Nota Histórico-Artistica: |
Dedicada a Nossa Senhora da Penha, a capela da Vista Alegre foi mandada construir pelo Bispo de Miranda, D. Manuel de Moura Manuel (1632-1699), na sua quinta, em Ílhavo. As obras, em fase adiantada no ano 1697, deveriam estar concluídas em 1699, data da sua morte. Contudo, os seus restos mortais foram para ali trasladados apenas em 1706.
Trata-se de uma igreja de características maneiristas, ao nível do espaço interno, caracterizada por uma série de elementos barrocos ou proto-barrocos, principalmente na fachada. Esta, apresenta duas torres sineiras que enquadram o pano central, onde se rasga o portal e o nicho de colunas torsas com a imagem de Nossa Senhora da Penha e o Menino. O conjunto, de linhas depuradas, é rematado por um frontão triangular de decoração ritmada com óculo central e cruz na empena.
A nave da igreja apresenta dois registos separados por uma moldura de pedra.

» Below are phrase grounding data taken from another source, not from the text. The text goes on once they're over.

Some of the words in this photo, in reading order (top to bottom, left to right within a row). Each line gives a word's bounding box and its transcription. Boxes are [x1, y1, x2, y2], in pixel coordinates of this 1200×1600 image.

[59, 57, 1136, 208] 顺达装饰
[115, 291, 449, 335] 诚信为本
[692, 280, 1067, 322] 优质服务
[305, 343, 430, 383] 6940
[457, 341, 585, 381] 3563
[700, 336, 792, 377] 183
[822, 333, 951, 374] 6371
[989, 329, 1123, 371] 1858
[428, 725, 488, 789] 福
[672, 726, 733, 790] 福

No inferior, um conjunto de painéis de azulejos Setecentistas, de oficina lisboeta, ilustram cenas da Vida da Virgem. No segundo registo, abre-se a tribuna. É coberta por abóbada, onde se observa a pintura da Árvore de Jessé, que integra o conjunto de frescos que caracterizam o interior da igreja.
Na capela-mor, também com abóbada pintada a fresco (representando a Assunção da Virgem) e painéis de azulejo, destaca-se o retábulo-mor, de embutido marmóreo fino. O seu risco, de autoria desconhecida (PIMENTEL, 1989, p. 254), relaciona-se com outras obras do género, concebidas por João Antunes (SERRÃO, 2003, p. 171), o arquitecto de D. Pedro II que terá desenhado, na mesma época, o túmulo da princesa Santa Joana, patente no Mosteiro de Jesus.
Ainda na capela-mor, encontra-se o túmulo do bispo fundador da igreja, uma das peças mais interessantes de todo este conjunto. Concebido por Claude Laprade, o escultor francês que no final do século XVII traduziu o primeiro esforço de europeização nesta área (SERRÃO, 2003, p. 171), o Túmulo de D. Manuel de Moura Manuel "(...) é o mais significativo resumo das suas potencialidades de escultor e organizador de composições (...)" (PIMENTEL, 1989, p. 254). Inspirado, muito possivelmente, no túmulo do Abade La Coste (1688) desenhado pelos irmãos Perú ou no túmulo do Cardeal Richelieu, de Girardon, obras de tradição italo-francesa de carácter inovador (XAVIER, 1991, p. 189), este monumento funerário revela a figura do Bispo, no leito de morte, que se ergue perante a visão de Nossa Senhora da Penha de França. Aos pés do jacente encontram-se duas fénixes e um anjo que segura uma caveira. O Tempo, figura alada, de alguma idade, domina a zona superior da composição. Claramente barroca (na organização, no movimento e no horror ao vazio), esta obra assume, através da utilização dos símbolos e alegorias da época, uma iconografia da morte claramente pós-tridentina. Neste caso, o programa iconográfico foi estruturado em torno da ideia de ressurreição e vida eterna, para onde convergem todos os símbolos e alegorias empregues (XAVIER, 1991, p. 189). No contexto da produção tumular portuguesa do período barroco, este é um dos monumentos, "(...) a um tempo triunfal e macabro (...)" que introduz maior grau de inovação, em perfeita sintonia com o que de mais actual se produzia no estrangeiro, nomeadamente, em Roma (XAVIER, 1991, p.204). Ainda do mesmo autor será o baldaquino, em talha dourada, que se encontra no altar-mor, e o ossuário da mãe do Bispo.